En Indiana, cuando una pareja no está casada y no existe un reconocimiento legal de paternidad, el recién nacido es registrado automáticamente con el apellido de la madre, una regla que no aplica en todo Estados Unidos.

La medida no es federal, pero ha causado confusión y controversia por su impacto en familias no casadas
En redes sociales y algunos medios ha circulado una afirmación llamativa: que en Estados Unidos los hijos de padres solteros no pueden llevar el apellido del padre si no hay matrimonio.
Sin embargo, expertos en derecho familiar aclaran que esto no es una norma nacional ni federal, sino una disposición específica que se aplica en estados concretos, como Indiana.
En este estado del Medio Oeste, la ley establece que cuando una mujer da a luz sin estar casada, el padre no queda automáticamente reconocido en el acta de nacimiento.
Por esa razón, el bebé es inscrito inicialmente con el apellido materno, salvo que exista un procedimiento legal que confirme la paternidad.
El punto central no es el apellido en sí, sino el reconocimiento legal del vínculo paterno. Para el Estado, la maternidad es evidente al momento del parto, pero la paternidad requiere un paso adicional si no hay matrimonio de por medio.
Esta norma ha generado confusión porque, en la mayoría de los estados estadounidenses, las reglas son más flexibles y permiten que los padres elijan el apellido del menor, siempre que ambos estén de acuerdo y se complete la documentación correspondiente.
En Estados Unidos no existe una ley federal única que determine qué apellido debe llevar un recién nacido. Cada estado regula los procedimientos de registro civil y certificación de nacimiento.
Indiana mantiene un enfoque más restrictivo: si no hay matrimonio, el padre debe firmar un documento legal o acudir a un proceso judicial para ser incluido oficialmente en el certificado de nacimiento.
La norma no significa que el niño nunca podrá llevar el apellido paterno. Lo que establece es que, en el registro inicial, el apellido de la madre es el predeterminado si no existe reconocimiento formal del padre.
Si el hombre firma una declaración jurada de paternidad en el hospital o posteriormente, o si un tribunal determina legalmente la filiación, entonces el certificado de nacimiento puede modificarse y el apellido paterno puede añadirse o reemplazar al materno.

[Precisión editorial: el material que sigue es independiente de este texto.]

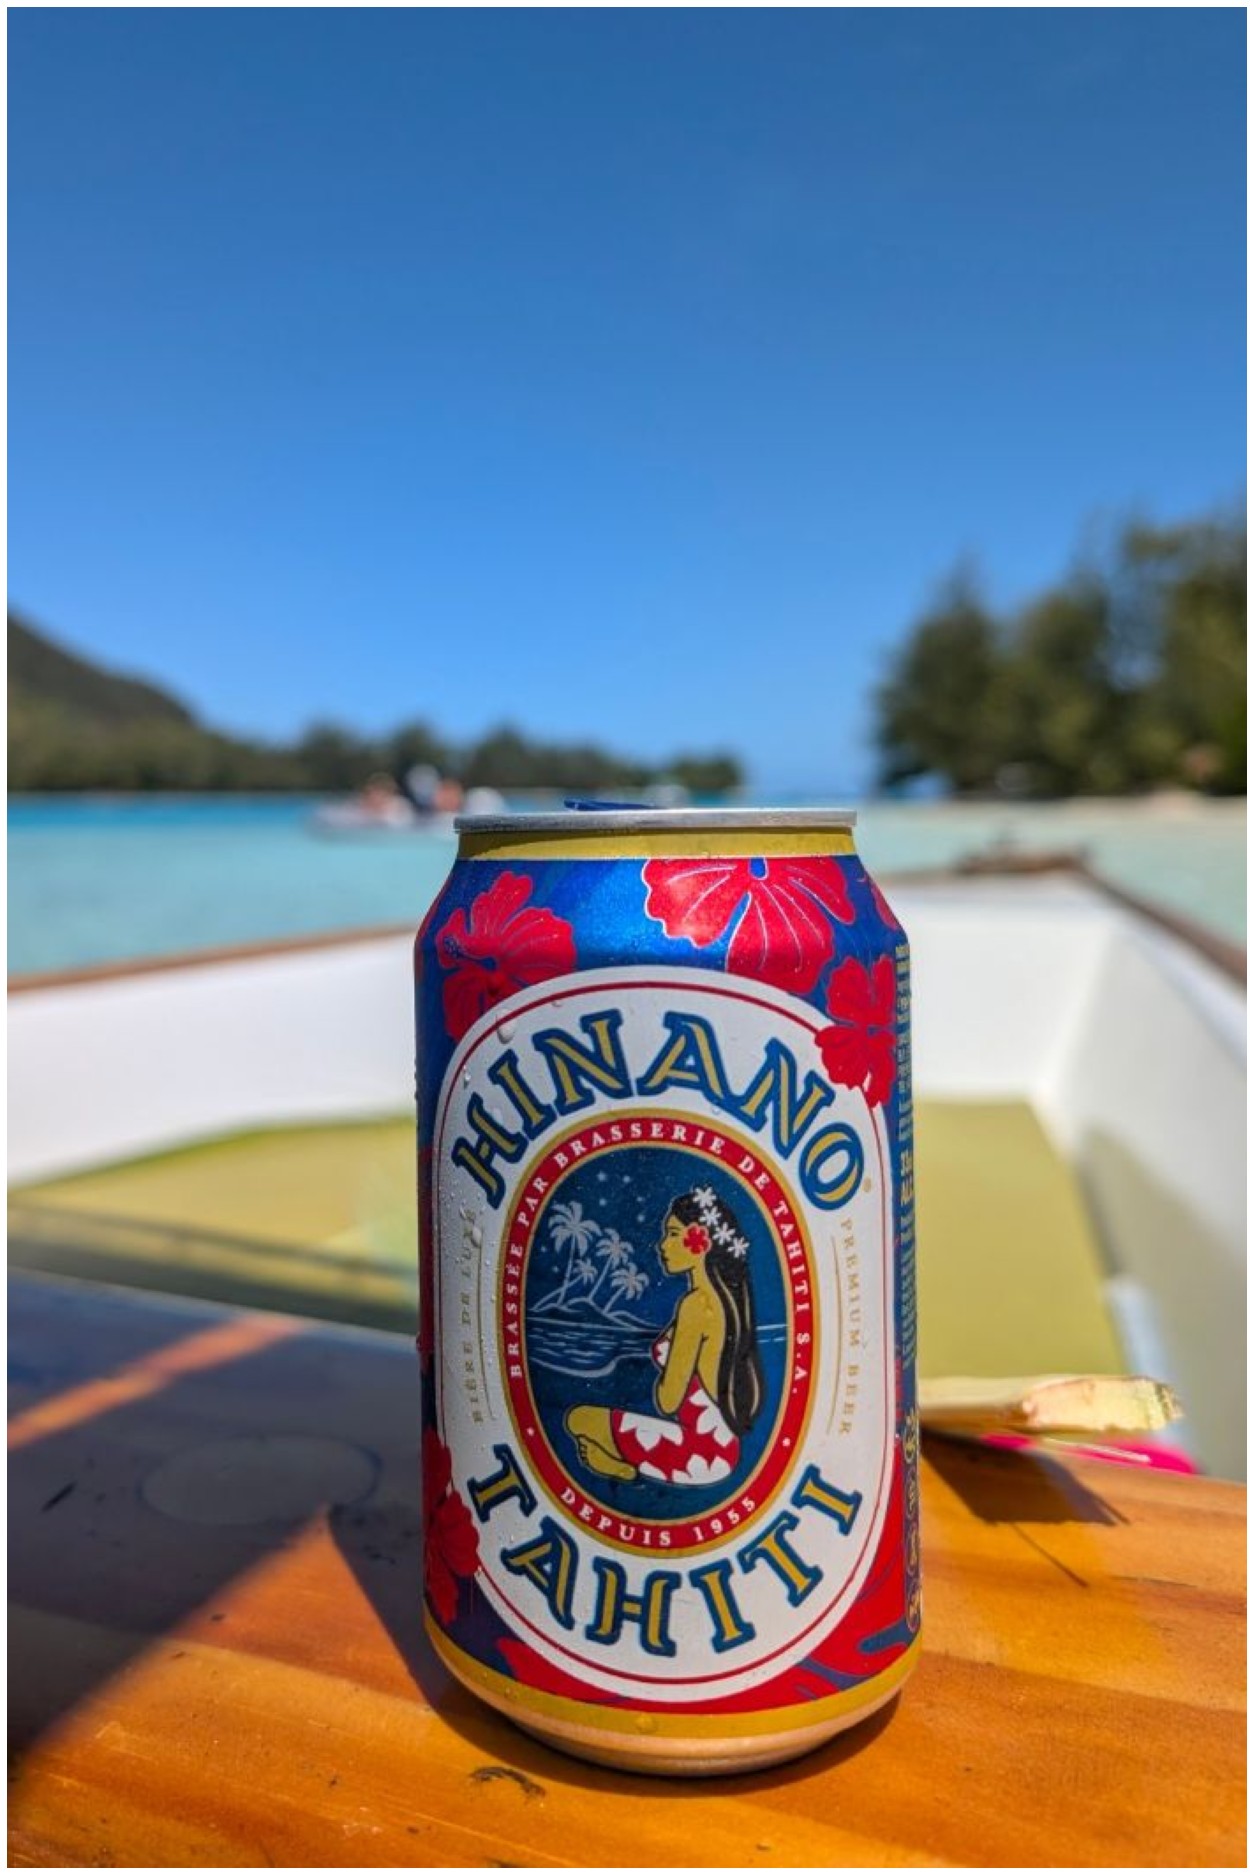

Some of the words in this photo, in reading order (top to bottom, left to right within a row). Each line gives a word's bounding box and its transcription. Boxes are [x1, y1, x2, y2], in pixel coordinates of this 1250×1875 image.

[451, 1009, 864, 1210] HINANO
[506, 1243, 524, 1378] BRASSÉE
[517, 1176, 549, 1227] PAR
[554, 1121, 725, 1168] BRASSERIE
[738, 1155, 770, 1190] DE
[772, 1201, 810, 1311] TAHITI
[792, 1332, 811, 1394] S.A.
[841, 1218, 860, 1346] PREMIUM
[839, 1364, 860, 1434] BEER
[467, 1444, 863, 1658] TAHITI
[561, 1487, 671, 1546] DEPUIS
[693, 1497, 756, 1542] 1955

El debate cultural detrás del apellido
Más allá del trámite administrativo, el tema ha abierto una discusión social de fondo.
Para muchas familias, el apellido representa identidad, pertenencia y herencia. Por eso, que un recién nacido no pueda llevar el apellido del padre desde el inicio se percibe como una medida simbólicamente fuerte.

También refleja cómo, incluso en sociedades modernas, el matrimonio sigue teniendo efectos legales importantes en asuntos familiares, desde la presunción de paternidad hasta la inscripción oficial de un hijo.
En tiempos donde aumentan los hogares monoparentales y las parejas no casadas, normas como la de Indiana vuelven a poner sobre la mesa la pregunta de si el derecho civil se está adaptando con suficiente rapidez a las nuevas realidades familiares.